- Statements
Statement from the Community Practitioners Platform for Resilience to the 7th Session of the Global Platform for Disaster Risk Reduction in Bali, Indonesia
The Community Practitioners Platform for Resilience (CPPR) is a constituency-led platform of grassroots women leaders and community organizers from impoverished and disaster-prone urban and rural settlements around the world.
Facilitated by the Huairou Commission: Women, Homes and Communities, we bring the experience of our local, pro-poor, gender-just, risk-reduction and resilience building efforts to inform national and global learning and advocacy efforts with a broad diversity of allies.
We are advisors to the UNDRR Stakeholder Engagement Mechanism and have, since 2009, organized Grassroots Academies and multi-stakeholder learning events in UNDRR Global and Regional Platforms for Disaster Risk Reduction.
We are represented at this 7th session by a delegation of over 20 representatives of grassroots women’s-and allied organizations from Asia, Africa and Latin America and more than twice this number planning together and participating virtually.
We gather in Bali as COVID-19, the climate crisis and escalating conflict threaten to erode years of development gains. The pandemic has provided powerful reminders that further guide our work in implementing the Sendai Framework for Disaster Reduction and the 2030 Agenda for Sustainable Development.

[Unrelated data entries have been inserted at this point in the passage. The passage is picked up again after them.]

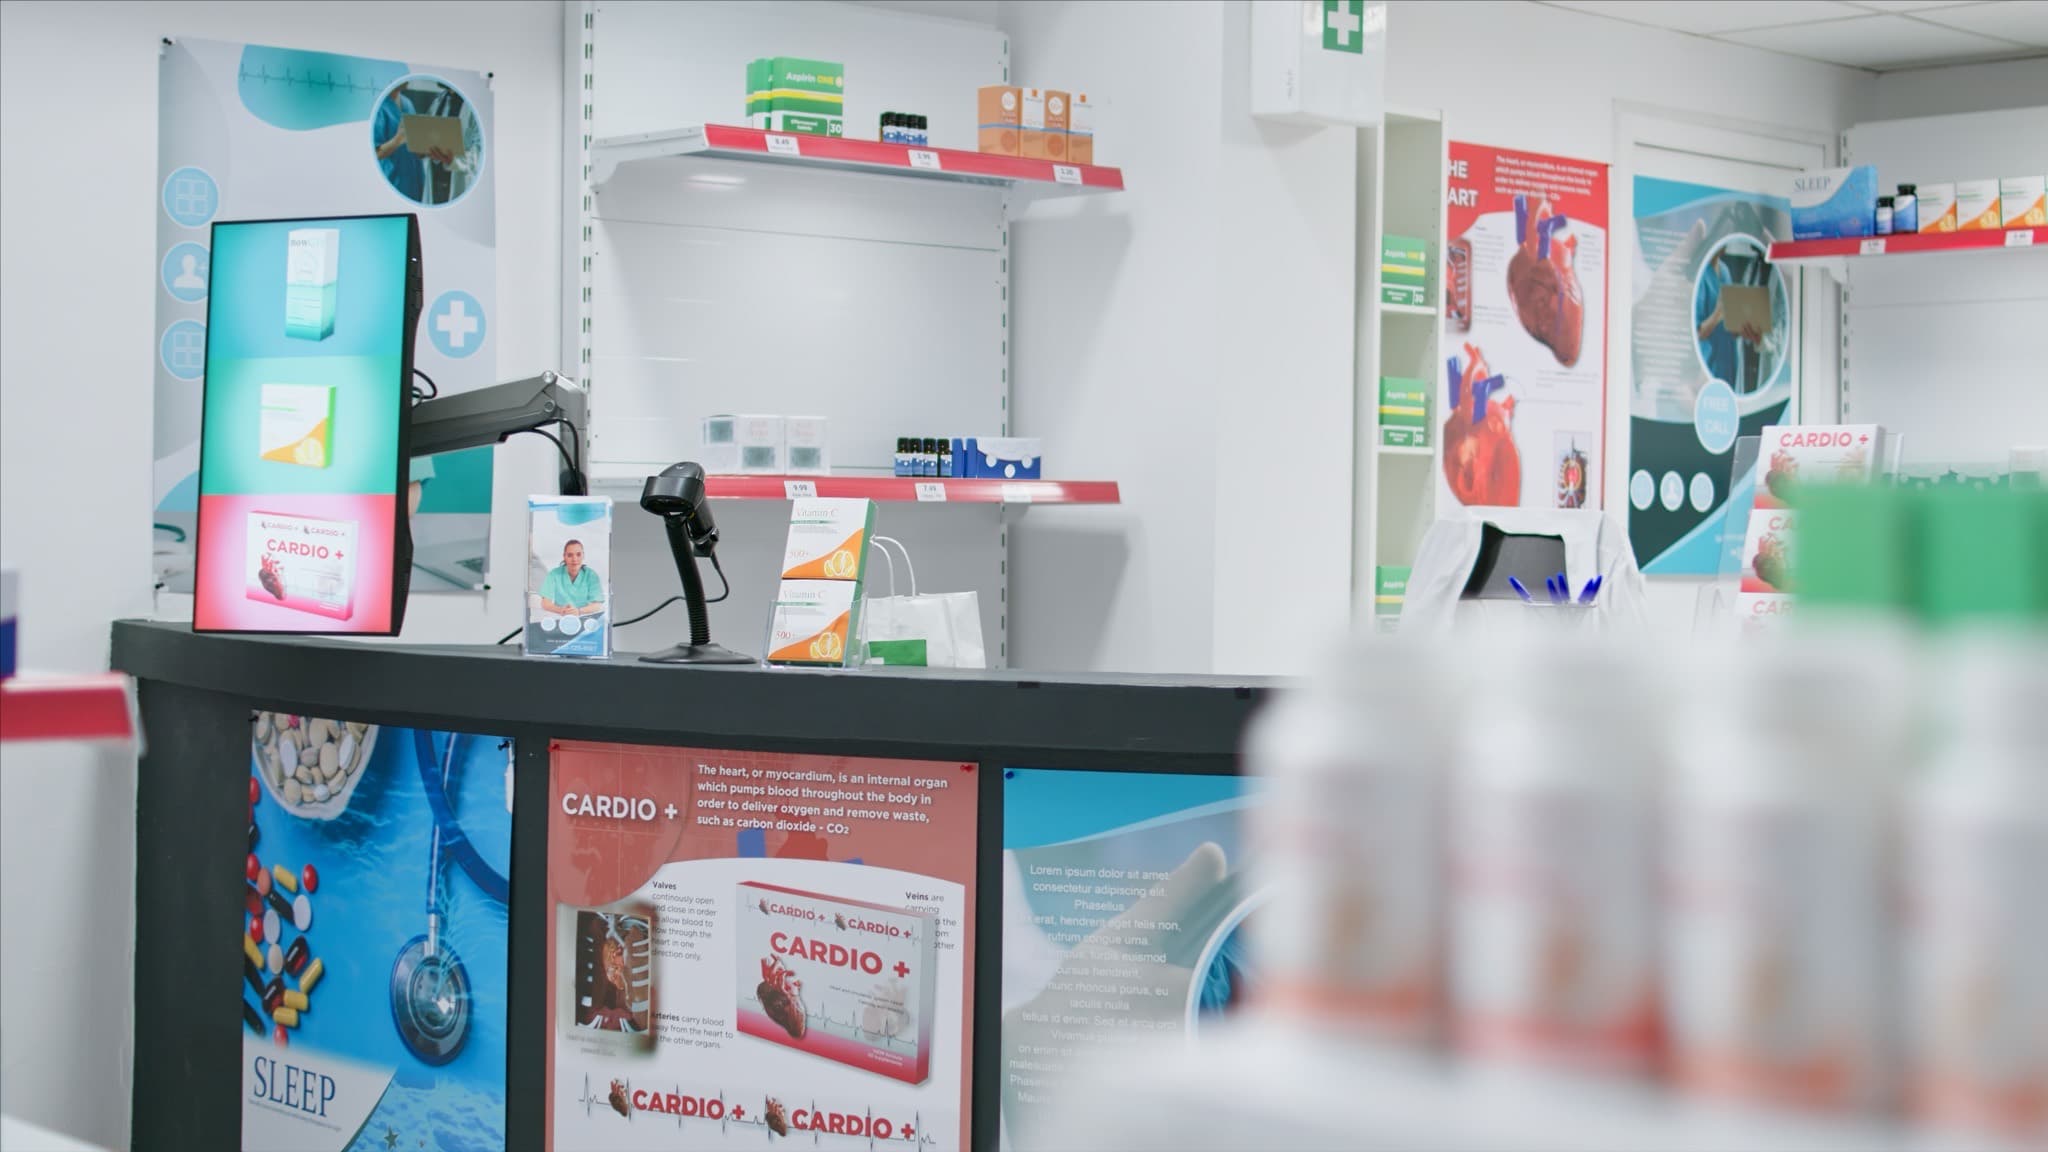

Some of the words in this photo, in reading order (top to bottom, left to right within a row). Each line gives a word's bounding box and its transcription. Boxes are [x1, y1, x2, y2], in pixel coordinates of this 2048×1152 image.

[830, 123, 842, 134] 30
[1794, 175, 1831, 192] SLEEP
[1703, 396, 1729, 412] FREE
[1705, 420, 1729, 433] CALL
[1779, 431, 1853, 448] CARDIO
[311, 527, 338, 537] CARDIO
[266, 538, 329, 559] CARDIO
[697, 764, 717, 775] The
[719, 765, 750, 779] heart,
[751, 768, 763, 778] or
[765, 769, 836, 784] myocardium,
[838, 772, 848, 783] is
[850, 775, 864, 784] an
[867, 773, 911, 786] internal
[913, 777, 948, 789] organ
[697, 781, 727, 793] which
[729, 784, 765, 796] pumps
[767, 785, 799, 797] blood
[801, 787, 864, 801] throughout
[866, 791, 885, 802] the
[888, 792, 917, 806] body
[920, 793, 932, 804] in
[562, 792, 657, 822] CARDIO
[697, 797, 725, 809] order
[727, 799, 739, 810] to
[741, 800, 778, 813] deliver
[780, 805, 820, 816] oxygen
[823, 806, 844, 817] and
[847, 808, 889, 820] remove
[892, 811, 930, 824] waste,
[697, 815, 720, 825] such
[722, 817, 734, 826] as
[736, 817, 773, 829] carbon
[775, 820, 816, 832] dioxide
[1030, 864, 1063, 876] Lorem
[1064, 866, 1096, 878] ipsum
[1098, 867, 1124, 879] dolor
[1127, 869, 1139, 880] sit
[652, 880, 677, 890] Valves
[1032, 881, 1092, 894] consectetur
[1094, 883, 1147, 898] adipiscing
[652, 892, 694, 905] continously
[695, 896, 715, 905] open
[905, 891, 929, 901] Veins
[667, 905, 687, 914] close
[688, 906, 695, 914] in
[696, 908, 718, 917] order
[770, 903, 816, 920] CARDIO
[1074, 899, 1125, 911] Phasellus
[681, 917, 704, 927] blood
[704, 919, 714, 927] to
[847, 918, 900, 937] CARDIO
[942, 918, 957, 926] the
[668, 927, 698, 938] through
[699, 929, 712, 939] the
[680, 940, 695, 949] one
[769, 931, 883, 975] CARDIO
[1155, 986, 1169, 996] eu
[681, 1015, 700, 1025] carry
[702, 1016, 724, 1027] blood
[659, 1033, 672, 1042] the
[673, 1035, 694, 1046] other
[670, 1024, 688, 1033] from
[689, 1027, 702, 1035] the
[703, 1028, 723, 1038] heart
[725, 1031, 734, 1039] to
[253, 1055, 336, 1118] SLEEP
[632, 1088, 725, 1120] CARDIO
[791, 1108, 893, 1140] CARDIO

First, that persistent and systemic inequalities create disproportionate burdens on the women and girls, in their diversity, who live and work in poor communities, informal settlements, and informal economies. The pandemic and official responses (such as lockdowns)highlighted and aggravated many of the chronic stresses that our communities struggle against daily–including food and land-tenure insecurities, gender-based violence and the extreme unpaid caregiving roles played by women.
Second, that the leadership demonstrated through women’s grassroots organizing has played a demonstrable role in reducing risk in and beyond their communities.Grassroots leaders have, for instance, raised community awareness of risks, identified vulnerable households and mobilized existing networks to promote food security, distribute relief materials and support displaced and returning migrants.
Through working closely with their local governments, grassroots organizations have helped authorities to expedite more systematic and inclusive action. Through continued global, regional and national peer-learning networks, good practices were being shared in real-time.
These achievements throughout the Pandemic were made possible through years of women’s leadership and grassroots organizing for resilience. Community-led organizations have established a solid track record of risk-informed planning and managing flexible finances, such as Community Resilience Funds, to implement integrated, locally-appropriate solutions to disaster risk reduction, climate change adaptation poverty eradication, gender-just development and environmental management.
Yet, grassroots organizations, and grassroots women’s organizations in particular, continue to be excluded from formal DRR and climate change planning and budgeting processes.Overlooking and undervaluing grassroots contributions and leadership is a massive barrier to achieving impact at the scale needed to meet global targets.
Development and climate institutions at all levels need to align their funding and partnership strategies to the changes actually needed to flow more resources to the local level.It is time to close the gap between rhetoric and action. There is too much at stake.
In the next three years the CPPR will continue to focus its efforts on shifting the status quo from current top-down approaches to a model where grassroots women and other local actors have greater power and resources to build their communities’ resilience including through active dialogue in the context of the High-Level Political Forum, World Urban Forum, UNFCCC COP’s and Gender Equality Forum.
The Mid Term Review of the Sendai Frameworkis as critical opportunity to take stock of the contributions of grassroots women’s and other community-led organizations. It is also the opportunity to review the factors that support or undermine effective partnership with grassroots organizations and power-holders in key national, regional and global institutions. We invite government and other stakeholders to join us in this effort.